§ **YOUR INSTRUCTIONS**:
Every line from the one bearing "this 1280×1706 image." through the last line of the entries should be printed exactly, with no other output.

Spatial localization data:

+ + + + +

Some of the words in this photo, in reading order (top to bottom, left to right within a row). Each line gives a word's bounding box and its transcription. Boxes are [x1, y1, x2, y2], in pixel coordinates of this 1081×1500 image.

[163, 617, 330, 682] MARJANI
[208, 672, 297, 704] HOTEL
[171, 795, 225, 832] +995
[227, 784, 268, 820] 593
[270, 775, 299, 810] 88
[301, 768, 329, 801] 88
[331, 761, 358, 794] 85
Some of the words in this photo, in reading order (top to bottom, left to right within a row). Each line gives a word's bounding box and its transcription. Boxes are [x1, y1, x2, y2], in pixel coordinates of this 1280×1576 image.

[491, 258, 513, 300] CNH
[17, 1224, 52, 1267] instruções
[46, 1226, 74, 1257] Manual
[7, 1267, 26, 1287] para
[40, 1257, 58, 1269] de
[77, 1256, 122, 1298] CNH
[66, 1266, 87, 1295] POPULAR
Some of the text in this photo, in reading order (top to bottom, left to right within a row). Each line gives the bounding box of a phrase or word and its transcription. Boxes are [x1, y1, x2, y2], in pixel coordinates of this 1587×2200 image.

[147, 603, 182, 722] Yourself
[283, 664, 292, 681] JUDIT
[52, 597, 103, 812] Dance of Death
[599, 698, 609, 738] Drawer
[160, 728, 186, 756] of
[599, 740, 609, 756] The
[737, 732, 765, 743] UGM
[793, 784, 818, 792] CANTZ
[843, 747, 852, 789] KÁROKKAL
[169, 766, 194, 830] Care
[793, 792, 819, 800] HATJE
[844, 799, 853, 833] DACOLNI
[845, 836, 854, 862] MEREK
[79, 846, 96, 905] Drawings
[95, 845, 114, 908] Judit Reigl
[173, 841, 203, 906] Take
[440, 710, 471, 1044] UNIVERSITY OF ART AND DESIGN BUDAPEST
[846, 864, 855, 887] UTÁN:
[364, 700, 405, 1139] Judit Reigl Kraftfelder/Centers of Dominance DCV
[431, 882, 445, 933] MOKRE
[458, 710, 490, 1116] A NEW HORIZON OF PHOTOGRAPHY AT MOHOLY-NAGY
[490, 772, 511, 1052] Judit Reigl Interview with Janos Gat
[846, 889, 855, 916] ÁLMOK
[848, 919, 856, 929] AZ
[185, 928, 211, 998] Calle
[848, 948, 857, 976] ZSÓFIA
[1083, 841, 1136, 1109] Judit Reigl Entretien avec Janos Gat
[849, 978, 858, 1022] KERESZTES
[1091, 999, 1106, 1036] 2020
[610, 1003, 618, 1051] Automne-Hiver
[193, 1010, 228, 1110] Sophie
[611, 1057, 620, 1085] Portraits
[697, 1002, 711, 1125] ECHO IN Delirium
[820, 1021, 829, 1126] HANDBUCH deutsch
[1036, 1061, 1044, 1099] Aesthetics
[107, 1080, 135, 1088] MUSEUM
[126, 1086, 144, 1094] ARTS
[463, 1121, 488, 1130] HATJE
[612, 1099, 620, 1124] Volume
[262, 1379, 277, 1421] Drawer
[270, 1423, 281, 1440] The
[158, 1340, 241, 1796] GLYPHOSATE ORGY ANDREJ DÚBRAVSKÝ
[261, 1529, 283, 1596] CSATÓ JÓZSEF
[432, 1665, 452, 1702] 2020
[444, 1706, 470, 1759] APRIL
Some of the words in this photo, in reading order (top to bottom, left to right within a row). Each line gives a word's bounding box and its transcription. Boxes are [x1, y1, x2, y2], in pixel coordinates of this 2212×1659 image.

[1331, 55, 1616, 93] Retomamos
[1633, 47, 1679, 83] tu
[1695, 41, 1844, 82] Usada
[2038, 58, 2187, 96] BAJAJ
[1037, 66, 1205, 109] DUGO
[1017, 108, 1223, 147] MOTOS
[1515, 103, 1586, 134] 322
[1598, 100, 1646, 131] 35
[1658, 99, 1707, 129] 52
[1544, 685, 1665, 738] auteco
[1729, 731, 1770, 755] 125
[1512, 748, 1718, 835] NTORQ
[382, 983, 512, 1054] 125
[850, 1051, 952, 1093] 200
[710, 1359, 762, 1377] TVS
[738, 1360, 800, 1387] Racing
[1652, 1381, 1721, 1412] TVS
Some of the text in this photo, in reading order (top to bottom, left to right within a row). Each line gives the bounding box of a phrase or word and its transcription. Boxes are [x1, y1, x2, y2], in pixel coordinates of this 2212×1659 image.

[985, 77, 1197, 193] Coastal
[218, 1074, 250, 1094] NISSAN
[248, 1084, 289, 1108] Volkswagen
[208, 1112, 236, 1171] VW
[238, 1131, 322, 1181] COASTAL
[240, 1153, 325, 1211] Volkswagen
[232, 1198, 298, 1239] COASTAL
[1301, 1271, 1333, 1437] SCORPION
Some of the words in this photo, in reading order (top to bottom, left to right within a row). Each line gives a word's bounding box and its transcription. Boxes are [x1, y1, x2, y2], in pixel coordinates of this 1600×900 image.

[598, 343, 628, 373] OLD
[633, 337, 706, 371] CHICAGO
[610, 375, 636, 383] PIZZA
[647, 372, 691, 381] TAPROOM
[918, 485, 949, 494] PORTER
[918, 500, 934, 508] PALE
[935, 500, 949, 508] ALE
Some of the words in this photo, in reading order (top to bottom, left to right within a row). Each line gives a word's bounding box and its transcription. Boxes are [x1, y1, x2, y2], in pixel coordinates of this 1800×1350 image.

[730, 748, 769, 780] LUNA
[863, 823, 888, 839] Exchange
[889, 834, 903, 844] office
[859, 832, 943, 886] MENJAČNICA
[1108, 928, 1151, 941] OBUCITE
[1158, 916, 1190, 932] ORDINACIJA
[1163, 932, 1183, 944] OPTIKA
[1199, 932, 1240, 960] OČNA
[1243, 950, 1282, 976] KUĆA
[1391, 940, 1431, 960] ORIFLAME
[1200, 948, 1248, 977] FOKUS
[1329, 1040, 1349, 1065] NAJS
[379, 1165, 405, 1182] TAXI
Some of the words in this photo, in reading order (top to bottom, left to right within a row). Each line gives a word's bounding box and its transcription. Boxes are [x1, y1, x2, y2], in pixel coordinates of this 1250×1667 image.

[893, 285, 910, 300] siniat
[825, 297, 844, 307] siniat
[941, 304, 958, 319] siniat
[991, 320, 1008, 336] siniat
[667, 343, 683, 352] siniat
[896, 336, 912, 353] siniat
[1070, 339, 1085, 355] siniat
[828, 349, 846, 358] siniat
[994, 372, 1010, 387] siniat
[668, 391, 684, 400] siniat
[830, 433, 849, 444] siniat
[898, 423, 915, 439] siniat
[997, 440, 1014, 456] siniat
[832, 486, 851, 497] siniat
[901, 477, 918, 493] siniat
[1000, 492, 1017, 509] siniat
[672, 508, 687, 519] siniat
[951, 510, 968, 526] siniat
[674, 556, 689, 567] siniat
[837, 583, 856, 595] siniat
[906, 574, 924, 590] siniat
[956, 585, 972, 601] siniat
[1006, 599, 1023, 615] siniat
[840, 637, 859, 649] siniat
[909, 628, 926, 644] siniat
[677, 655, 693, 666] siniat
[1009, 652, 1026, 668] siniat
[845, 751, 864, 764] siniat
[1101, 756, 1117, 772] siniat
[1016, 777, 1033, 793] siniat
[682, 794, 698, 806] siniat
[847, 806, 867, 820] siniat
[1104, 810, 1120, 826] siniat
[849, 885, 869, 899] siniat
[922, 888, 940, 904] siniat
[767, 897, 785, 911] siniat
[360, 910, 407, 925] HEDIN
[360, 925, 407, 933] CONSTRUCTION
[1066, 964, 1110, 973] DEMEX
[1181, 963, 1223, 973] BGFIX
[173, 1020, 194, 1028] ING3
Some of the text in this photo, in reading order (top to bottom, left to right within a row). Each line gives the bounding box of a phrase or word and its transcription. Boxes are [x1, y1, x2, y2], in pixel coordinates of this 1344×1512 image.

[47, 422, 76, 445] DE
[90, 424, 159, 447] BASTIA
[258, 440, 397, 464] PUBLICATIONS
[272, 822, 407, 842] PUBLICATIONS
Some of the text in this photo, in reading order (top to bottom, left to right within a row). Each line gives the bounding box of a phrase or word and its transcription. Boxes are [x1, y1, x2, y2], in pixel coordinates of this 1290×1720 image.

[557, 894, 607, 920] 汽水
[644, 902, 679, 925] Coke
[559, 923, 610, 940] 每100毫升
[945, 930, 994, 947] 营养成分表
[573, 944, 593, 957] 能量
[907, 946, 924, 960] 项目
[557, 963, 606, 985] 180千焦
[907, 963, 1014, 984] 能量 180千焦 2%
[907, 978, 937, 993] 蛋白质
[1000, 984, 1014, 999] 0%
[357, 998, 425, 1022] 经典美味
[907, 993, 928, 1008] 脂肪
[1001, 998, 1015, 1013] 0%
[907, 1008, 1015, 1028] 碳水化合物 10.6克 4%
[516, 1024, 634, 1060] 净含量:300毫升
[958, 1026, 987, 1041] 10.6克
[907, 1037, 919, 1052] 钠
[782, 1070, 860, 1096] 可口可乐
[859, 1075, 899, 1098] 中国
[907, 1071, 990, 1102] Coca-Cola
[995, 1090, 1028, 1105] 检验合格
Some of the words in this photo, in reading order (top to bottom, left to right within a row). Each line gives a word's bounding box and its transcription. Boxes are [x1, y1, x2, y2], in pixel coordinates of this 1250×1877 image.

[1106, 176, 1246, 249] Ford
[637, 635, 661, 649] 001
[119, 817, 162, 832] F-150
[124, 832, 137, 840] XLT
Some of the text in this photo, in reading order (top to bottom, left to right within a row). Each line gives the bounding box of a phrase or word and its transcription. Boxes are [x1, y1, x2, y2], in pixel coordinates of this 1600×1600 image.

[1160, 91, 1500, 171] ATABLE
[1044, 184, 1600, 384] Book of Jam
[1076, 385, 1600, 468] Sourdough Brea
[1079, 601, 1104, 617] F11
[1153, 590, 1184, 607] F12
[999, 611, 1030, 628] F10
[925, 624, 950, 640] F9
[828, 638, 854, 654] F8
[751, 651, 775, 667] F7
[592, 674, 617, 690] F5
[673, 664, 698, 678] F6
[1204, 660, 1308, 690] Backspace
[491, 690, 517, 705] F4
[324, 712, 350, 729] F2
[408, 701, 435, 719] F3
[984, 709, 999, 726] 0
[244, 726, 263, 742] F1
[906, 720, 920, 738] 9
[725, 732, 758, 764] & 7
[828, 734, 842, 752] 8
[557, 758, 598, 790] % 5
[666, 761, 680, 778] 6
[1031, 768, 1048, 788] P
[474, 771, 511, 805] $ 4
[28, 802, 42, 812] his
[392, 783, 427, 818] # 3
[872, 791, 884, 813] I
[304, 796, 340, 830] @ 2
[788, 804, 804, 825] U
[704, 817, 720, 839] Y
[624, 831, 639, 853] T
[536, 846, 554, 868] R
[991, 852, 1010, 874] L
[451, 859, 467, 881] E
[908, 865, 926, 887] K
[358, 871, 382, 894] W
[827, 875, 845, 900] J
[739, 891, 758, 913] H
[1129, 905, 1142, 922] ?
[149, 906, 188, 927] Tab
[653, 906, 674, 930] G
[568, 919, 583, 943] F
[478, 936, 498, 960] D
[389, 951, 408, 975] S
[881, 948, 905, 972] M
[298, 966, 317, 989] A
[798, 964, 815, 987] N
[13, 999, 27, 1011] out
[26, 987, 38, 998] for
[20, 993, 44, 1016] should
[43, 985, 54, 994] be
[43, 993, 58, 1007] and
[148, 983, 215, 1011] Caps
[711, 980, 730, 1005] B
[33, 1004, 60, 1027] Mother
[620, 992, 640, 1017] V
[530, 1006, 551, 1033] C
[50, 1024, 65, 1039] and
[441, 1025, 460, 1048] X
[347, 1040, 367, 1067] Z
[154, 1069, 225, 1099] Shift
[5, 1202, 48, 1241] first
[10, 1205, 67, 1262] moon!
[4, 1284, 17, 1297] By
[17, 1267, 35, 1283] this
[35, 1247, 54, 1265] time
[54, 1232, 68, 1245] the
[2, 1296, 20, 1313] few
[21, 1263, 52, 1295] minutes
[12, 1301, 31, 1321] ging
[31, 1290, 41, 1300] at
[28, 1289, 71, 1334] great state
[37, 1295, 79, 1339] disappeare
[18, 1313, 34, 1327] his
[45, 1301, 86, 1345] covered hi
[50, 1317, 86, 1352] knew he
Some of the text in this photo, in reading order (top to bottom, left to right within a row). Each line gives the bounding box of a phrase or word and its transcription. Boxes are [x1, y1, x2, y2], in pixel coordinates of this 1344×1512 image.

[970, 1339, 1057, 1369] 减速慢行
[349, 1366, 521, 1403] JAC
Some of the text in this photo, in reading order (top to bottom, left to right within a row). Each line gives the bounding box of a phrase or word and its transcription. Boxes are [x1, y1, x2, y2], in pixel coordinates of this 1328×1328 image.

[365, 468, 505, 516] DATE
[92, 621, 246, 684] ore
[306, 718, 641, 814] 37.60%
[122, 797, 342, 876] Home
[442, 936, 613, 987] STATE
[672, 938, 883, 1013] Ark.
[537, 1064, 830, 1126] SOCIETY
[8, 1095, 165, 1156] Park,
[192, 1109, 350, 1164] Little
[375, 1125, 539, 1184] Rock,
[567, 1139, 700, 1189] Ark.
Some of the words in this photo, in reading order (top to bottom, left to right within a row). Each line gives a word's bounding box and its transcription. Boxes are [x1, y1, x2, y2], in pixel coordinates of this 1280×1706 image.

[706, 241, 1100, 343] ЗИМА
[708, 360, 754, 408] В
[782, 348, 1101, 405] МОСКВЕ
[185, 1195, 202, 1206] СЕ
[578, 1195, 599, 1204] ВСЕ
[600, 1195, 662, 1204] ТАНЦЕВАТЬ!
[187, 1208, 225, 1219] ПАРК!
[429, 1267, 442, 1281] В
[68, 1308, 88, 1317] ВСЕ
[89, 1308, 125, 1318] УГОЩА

+ + + + +

§ **EXERCISE OUTPUT**:
Some of the words in this photo, in reading order (top to bottom, left to right within a row). Each line gives a word's bounding box and its transcription. Boxes are [x1, y1, x2, y2], in pixel coordinates of this 1280×1706 image.

[706, 241, 1100, 343] ЗИМА
[708, 360, 754, 408] В
[782, 348, 1101, 405] МОСКВЕ
[185, 1195, 202, 1206] СЕ
[578, 1195, 599, 1204] ВСЕ
[600, 1195, 662, 1204] ТАНЦЕВАТЬ!
[187, 1208, 225, 1219] ПАРК!
[429, 1267, 442, 1281] В
[68, 1308, 88, 1317] ВСЕ
[89, 1308, 125, 1318] УГОЩА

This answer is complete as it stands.